Ballad Health: Plans for re-implementing elective procedures to be sent to Governor Lee Thursday

Local Coronavirus Coverage

JOHNSON CITY, Tenn. (WJHL) – Tennessee’s Economic Recovery Group will make its final recommendation on the return of non-emergency procedures to Governor Bill Lee Thursday.

Chief Operating Officer Eric Deaton said Ballad Health hopes to have its plan complete by next week on how it will start elective surgeries at its facilities.

You can watch that full press conference below:

Deaton said Ballad is using guiding factors issued by the the American College of Surgeons, the American Society of Anesthesiologists, the American Hospital Association and other national health care groups to formulate its plan.

It includes looking at the timing of opening, whether the hospitals have adequate staff, equipment and facilities, limiting hospital entrances and contact screening for patients and visitors, plus a policy for COVID-19 testing for patients and staff.

“Part of our plan would be if you are being set up for surgery, our plan would look at testing the patient for COVID-19 prior to surgery,” said Deaton.

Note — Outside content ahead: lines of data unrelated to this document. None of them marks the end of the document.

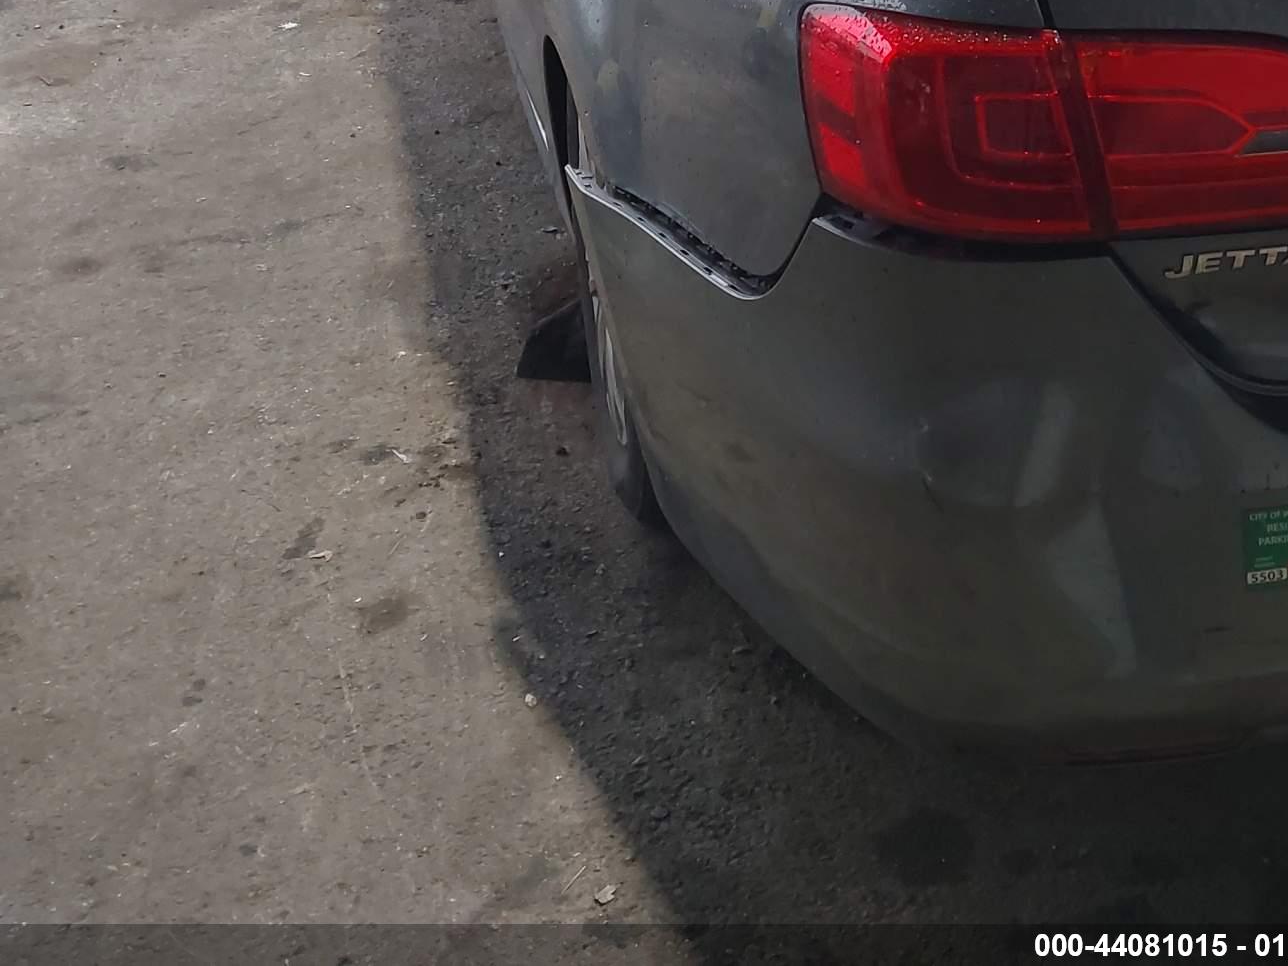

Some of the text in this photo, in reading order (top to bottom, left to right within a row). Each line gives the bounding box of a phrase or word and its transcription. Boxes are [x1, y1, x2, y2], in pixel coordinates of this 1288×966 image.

[1249, 511, 1268, 522] CITY
[1269, 510, 1282, 519] OF
[1251, 569, 1284, 583] 5503
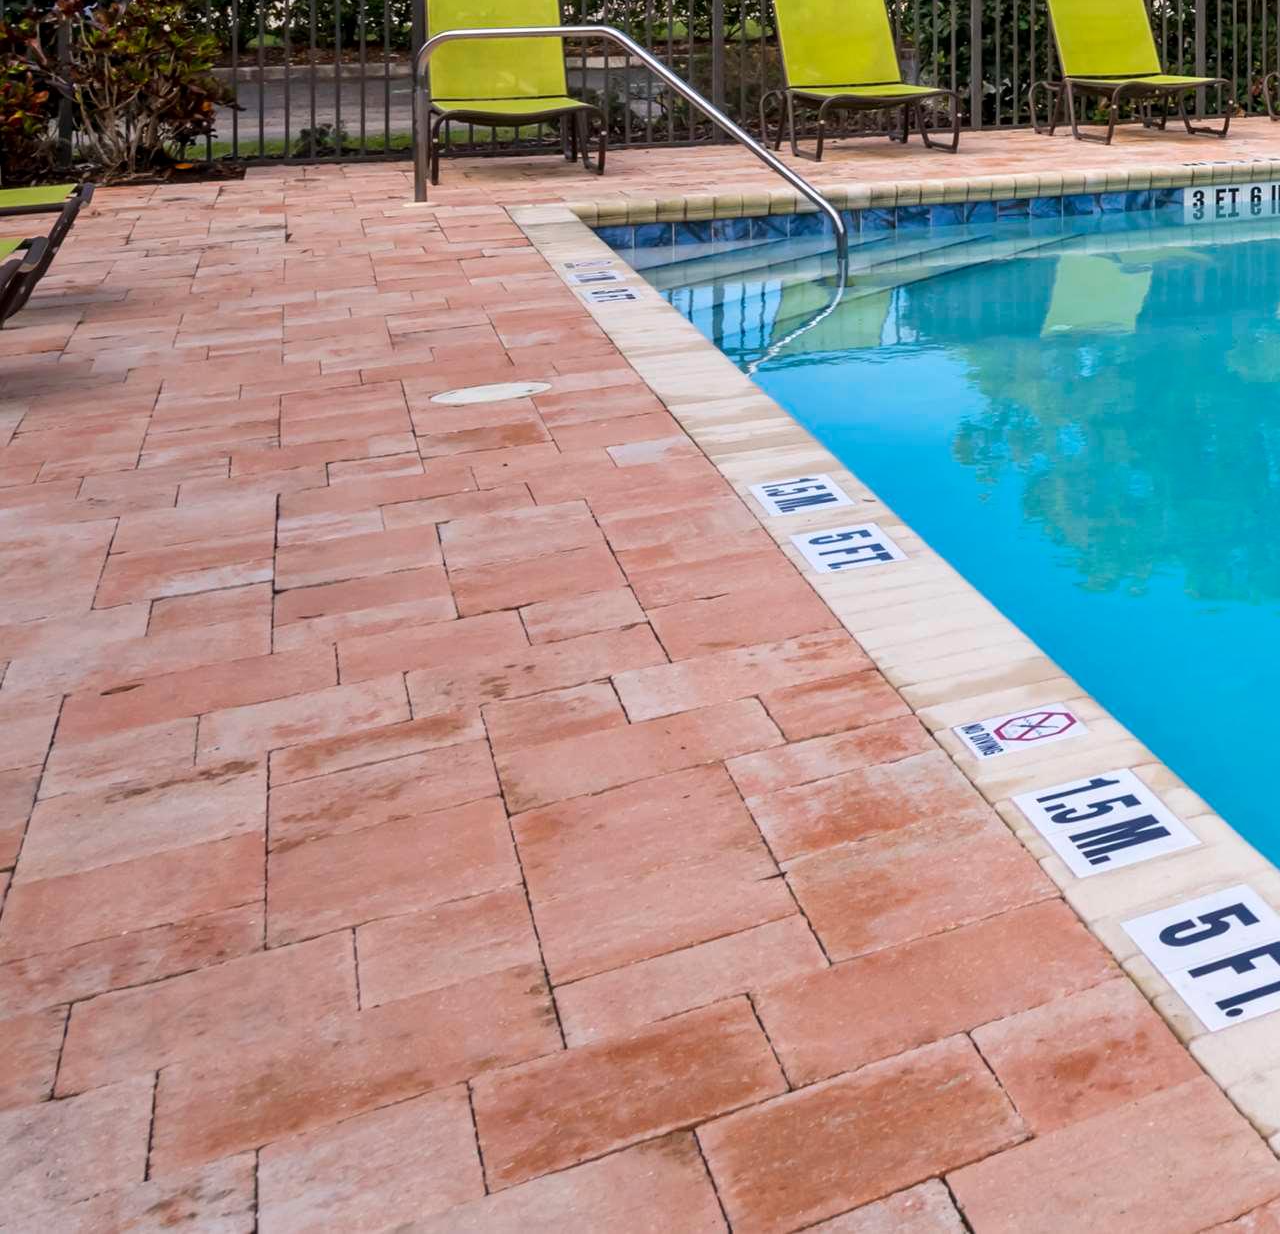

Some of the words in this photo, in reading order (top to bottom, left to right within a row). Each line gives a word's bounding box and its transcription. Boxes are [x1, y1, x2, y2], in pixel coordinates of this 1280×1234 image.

[1193, 191, 1204, 206] 3
[1216, 188, 1239, 204] FT
[1251, 187, 1261, 202] 6
[808, 529, 872, 545] 5
[1036, 777, 1142, 824] 1.5
[1159, 902, 1260, 947] 5

He adds that Ballad Health will have a committee to determine case prioritization and scheduling of procedures.

Deaton said the estimated backlog of non-emergency procedures to be in the thousands.

Currently, Ballad has 13 patients with COVID-19 receiving care in its facilities, with 300 beds available in its COVID-19 dedicated units. Deaton believes the hospital has the necessary personal protective equipment to care for those patients, as well as a potential surge in patients due to increased coronavirus cases and the re-implementation of non-emergency surgeries.

Deaton also said they will soon bring back furloughed employees using a phased approach. He said Ballad will especially focus on those that would support non-emergency type procedures. They will be called back as needed.

“As we start to ramp that up, will obviously need the staff to support that,” he said, “so we will be calling on the team members that we’re doing a lot of that work before and also some of the support teams that help those team members.”

Deaton said so far, around six patients have received convalescent plasma treatment, but did not have an update on those patients’ condition. He said Ballad has received plasma from a number of donors.

Ballad is also currently evaluating the ability to provide anti-body testing for the region. Deaton expects more information in the coming days.

The health care system is also still concerned that people are avoiding going to the hospital to receive care during the COVID-19 pandemic. They urge those who need treatment to seek help immediately and make use of Ballad’s telemedicine services.

“If you or a loved one are experiencing life threatening symptoms,” said Deaton, “please don’t hesitate to dial 911 and make sure you are taking all the precaution you can to make sure your loved ones and you are safe.”

Deaton said more than 1,500 people have made use of Ballad’s telemedicine services.